═══ The data

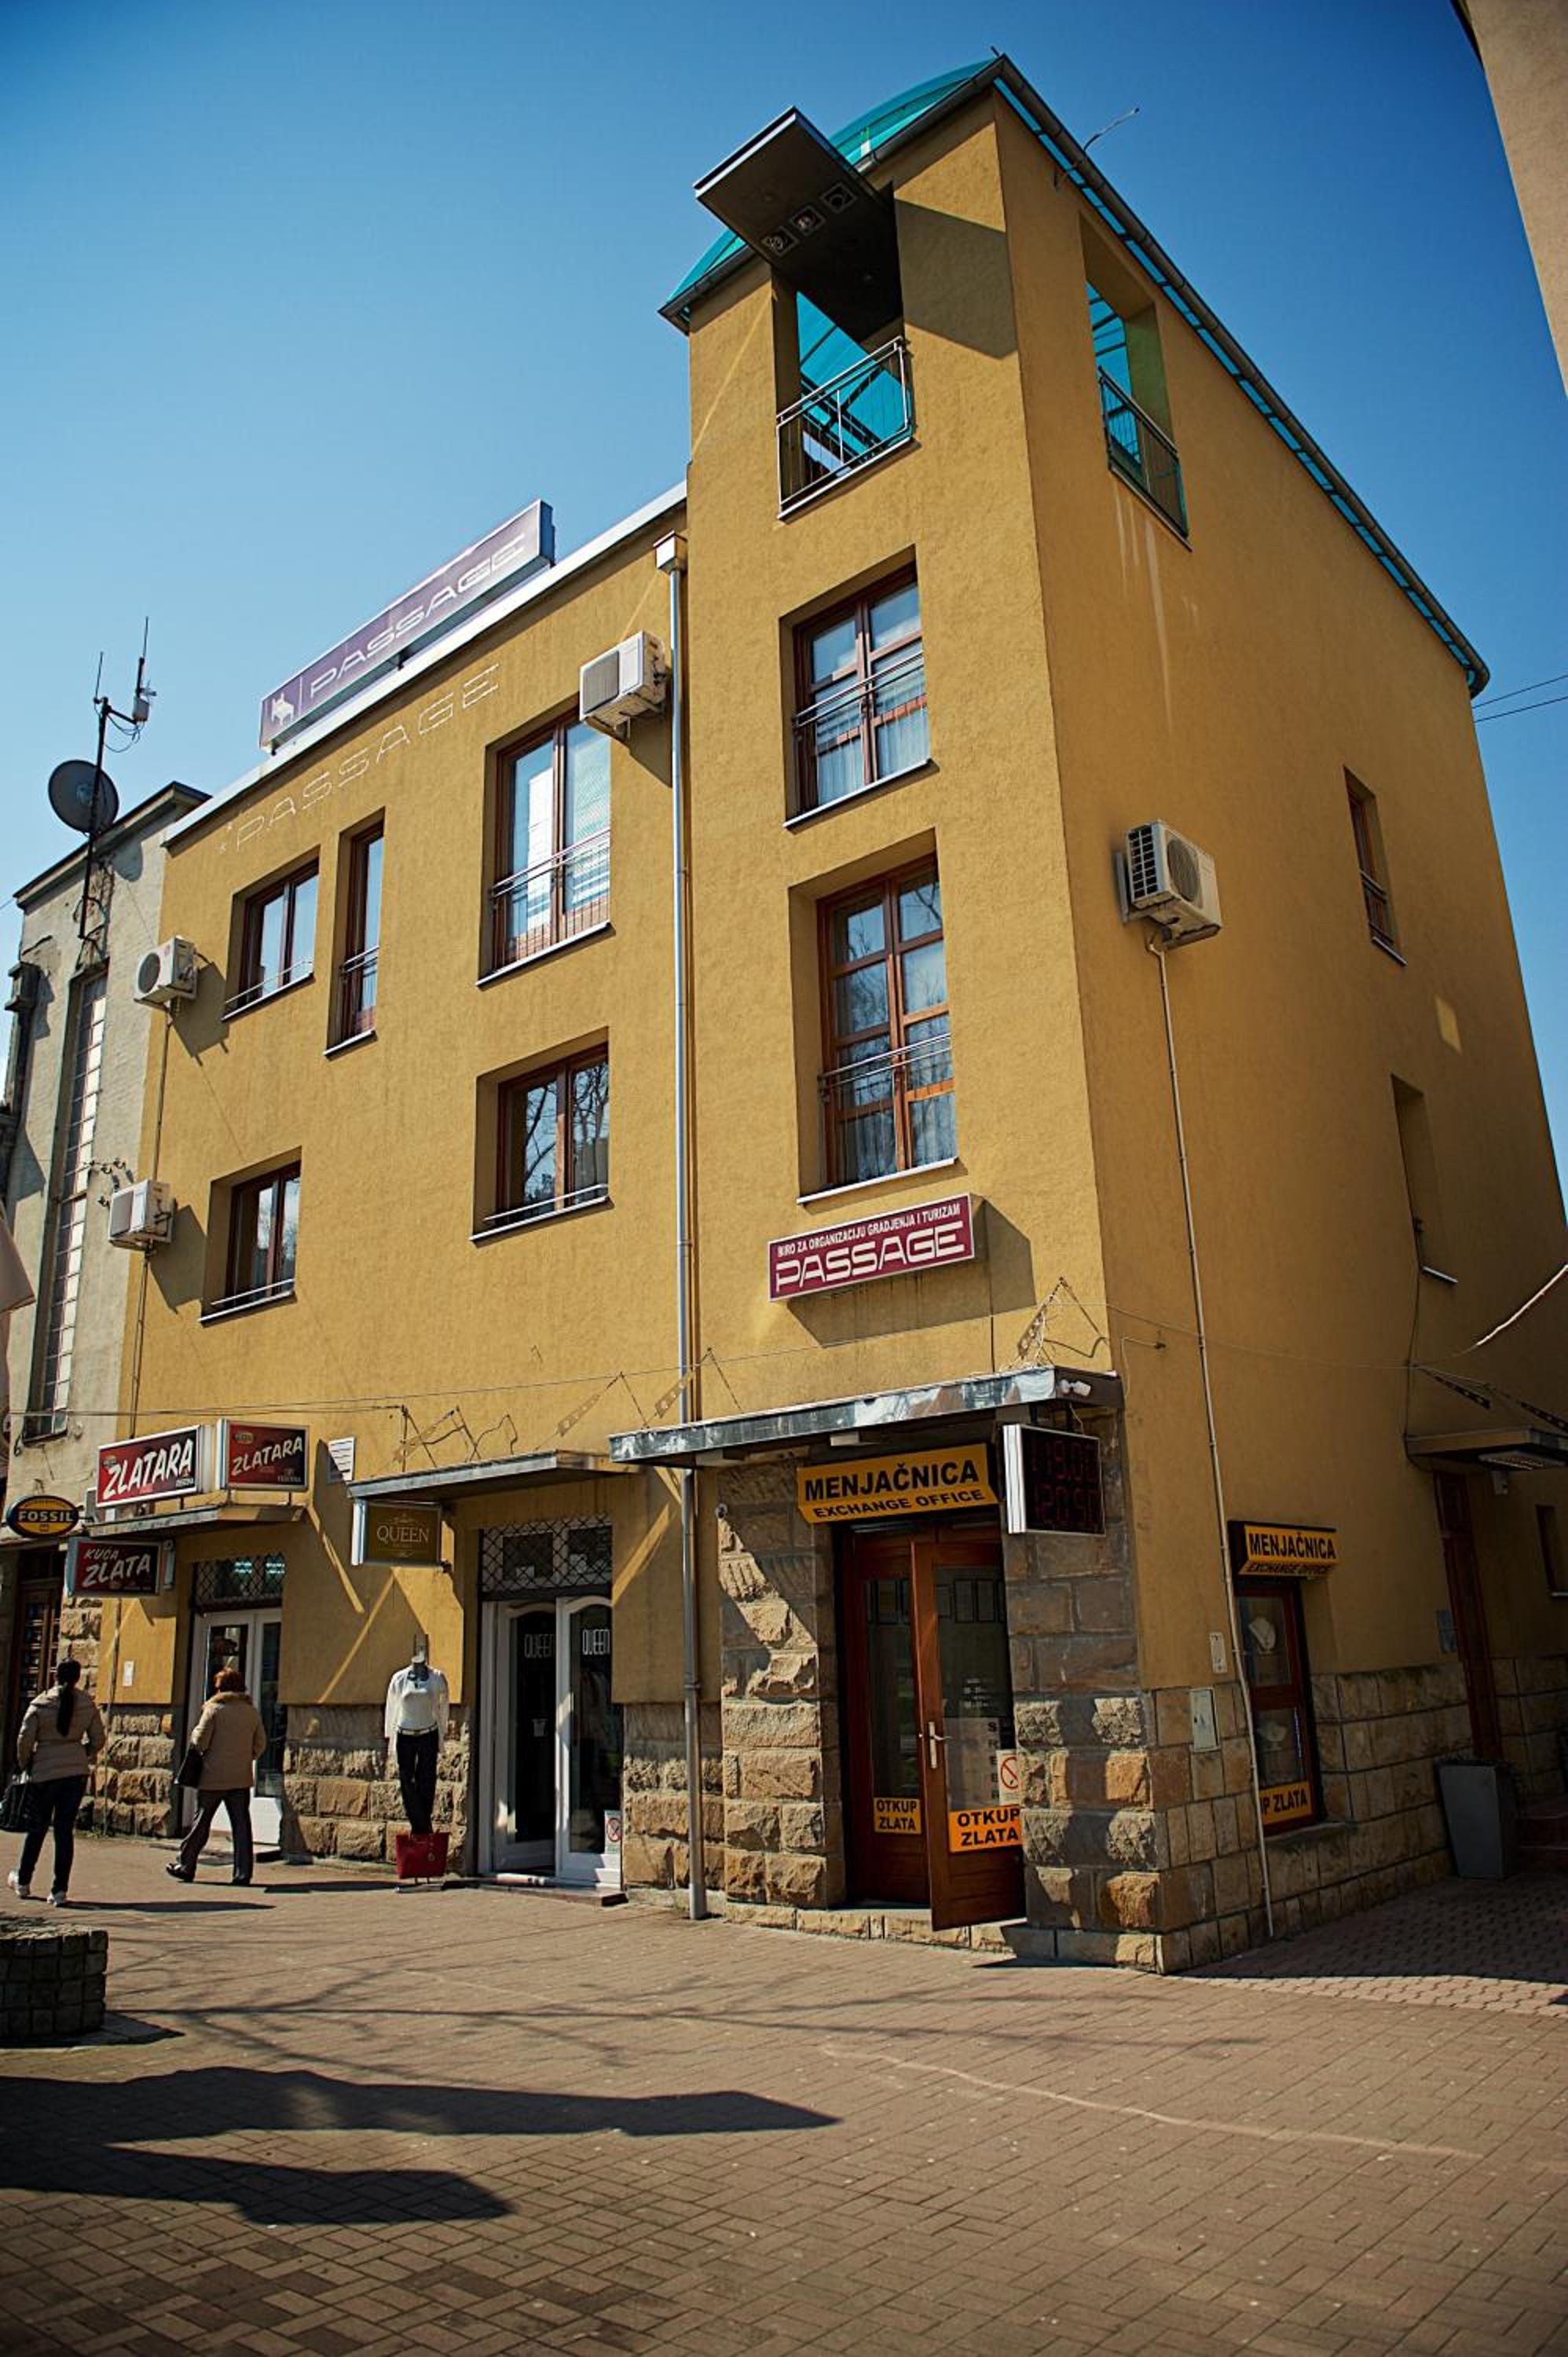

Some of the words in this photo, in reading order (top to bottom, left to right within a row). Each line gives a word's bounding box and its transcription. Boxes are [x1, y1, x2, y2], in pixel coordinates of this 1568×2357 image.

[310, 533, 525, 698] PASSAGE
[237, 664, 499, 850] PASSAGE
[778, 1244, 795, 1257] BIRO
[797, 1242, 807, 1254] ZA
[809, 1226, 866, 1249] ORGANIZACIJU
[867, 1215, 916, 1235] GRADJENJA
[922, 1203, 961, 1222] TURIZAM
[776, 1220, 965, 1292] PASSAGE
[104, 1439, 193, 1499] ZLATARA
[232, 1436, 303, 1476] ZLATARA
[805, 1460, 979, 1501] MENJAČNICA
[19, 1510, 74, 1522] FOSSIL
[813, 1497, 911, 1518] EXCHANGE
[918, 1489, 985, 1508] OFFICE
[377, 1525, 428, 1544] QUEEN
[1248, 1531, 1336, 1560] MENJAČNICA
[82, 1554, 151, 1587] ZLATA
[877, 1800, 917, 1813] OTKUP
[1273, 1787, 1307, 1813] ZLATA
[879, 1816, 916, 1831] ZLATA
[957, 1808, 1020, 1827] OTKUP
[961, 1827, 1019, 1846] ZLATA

══════

Quote every record above exactly, leaving out any pictures.

Some of the words in this photo, in reading order (top to bottom, left to right within a row). Each line gives a word's bounding box and its transcription. Boxes are [x1, y1, x2, y2], in pixel coordinates of this 1568×2357 image.

[310, 533, 525, 698] PASSAGE
[237, 664, 499, 850] PASSAGE
[778, 1244, 795, 1257] BIRO
[797, 1242, 807, 1254] ZA
[809, 1226, 866, 1249] ORGANIZACIJU
[867, 1215, 916, 1235] GRADJENJA
[922, 1203, 961, 1222] TURIZAM
[776, 1220, 965, 1292] PASSAGE
[104, 1439, 193, 1499] ZLATARA
[232, 1436, 303, 1476] ZLATARA
[805, 1460, 979, 1501] MENJAČNICA
[19, 1510, 74, 1522] FOSSIL
[813, 1497, 911, 1518] EXCHANGE
[918, 1489, 985, 1508] OFFICE
[377, 1525, 428, 1544] QUEEN
[1248, 1531, 1336, 1560] MENJAČNICA
[82, 1554, 151, 1587] ZLATA
[877, 1800, 917, 1813] OTKUP
[1273, 1787, 1307, 1813] ZLATA
[879, 1816, 916, 1831] ZLATA
[957, 1808, 1020, 1827] OTKUP
[961, 1827, 1019, 1846] ZLATA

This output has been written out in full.